── Material to process ──

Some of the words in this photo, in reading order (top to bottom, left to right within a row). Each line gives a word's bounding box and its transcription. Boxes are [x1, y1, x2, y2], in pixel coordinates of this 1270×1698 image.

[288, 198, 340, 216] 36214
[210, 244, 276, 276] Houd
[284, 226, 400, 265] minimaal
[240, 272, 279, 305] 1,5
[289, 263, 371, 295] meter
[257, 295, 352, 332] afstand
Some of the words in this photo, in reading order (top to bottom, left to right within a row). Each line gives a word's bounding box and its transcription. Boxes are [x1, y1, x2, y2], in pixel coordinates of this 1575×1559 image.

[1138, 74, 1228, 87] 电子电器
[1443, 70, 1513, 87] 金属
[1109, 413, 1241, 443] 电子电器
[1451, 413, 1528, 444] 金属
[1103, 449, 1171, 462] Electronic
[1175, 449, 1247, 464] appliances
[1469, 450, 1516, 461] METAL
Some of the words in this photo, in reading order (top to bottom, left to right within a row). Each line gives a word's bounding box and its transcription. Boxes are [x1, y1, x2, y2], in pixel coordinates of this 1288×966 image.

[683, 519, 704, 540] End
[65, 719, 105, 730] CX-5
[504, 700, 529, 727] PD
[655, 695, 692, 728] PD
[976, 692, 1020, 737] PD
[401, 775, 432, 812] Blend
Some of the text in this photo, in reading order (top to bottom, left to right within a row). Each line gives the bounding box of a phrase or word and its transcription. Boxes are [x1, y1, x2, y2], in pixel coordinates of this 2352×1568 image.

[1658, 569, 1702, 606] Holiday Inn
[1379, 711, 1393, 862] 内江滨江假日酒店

───

Keeping each word as given, write out the material above.

• Solution to this task:
Some of the words in this photo, in reading order (top to bottom, left to right within a row). Each line gives a word's bounding box and its transcription. Boxes are [x1, y1, x2, y2], in pixel coordinates of this 1270×1698 image.

[288, 198, 340, 216] 36214
[210, 244, 276, 276] Houd
[284, 226, 400, 265] minimaal
[240, 272, 279, 305] 1,5
[289, 263, 371, 295] meter
[257, 295, 352, 332] afstand
Some of the words in this photo, in reading order (top to bottom, left to right within a row). Each line gives a word's bounding box and its transcription. Boxes are [x1, y1, x2, y2], in pixel coordinates of this 1575×1559 image.

[1138, 74, 1228, 87] 电子电器
[1443, 70, 1513, 87] 金属
[1109, 413, 1241, 443] 电子电器
[1451, 413, 1528, 444] 金属
[1103, 449, 1171, 462] Electronic
[1175, 449, 1247, 464] appliances
[1469, 450, 1516, 461] METAL
Some of the words in this photo, in reading order (top to bottom, left to right within a row). Each line gives a word's bounding box and its transcription. Boxes are [x1, y1, x2, y2], in pixel coordinates of this 1288×966 image.

[683, 519, 704, 540] End
[65, 719, 105, 730] CX-5
[504, 700, 529, 727] PD
[655, 695, 692, 728] PD
[976, 692, 1020, 737] PD
[401, 775, 432, 812] Blend
Some of the text in this photo, in reading order (top to bottom, left to right within a row). Each line gives the bounding box of a phrase or word and its transcription. Boxes are [x1, y1, x2, y2], in pixel coordinates of this 2352×1568 image.

[1658, 569, 1702, 606] Holiday Inn
[1379, 711, 1393, 862] 内江滨江假日酒店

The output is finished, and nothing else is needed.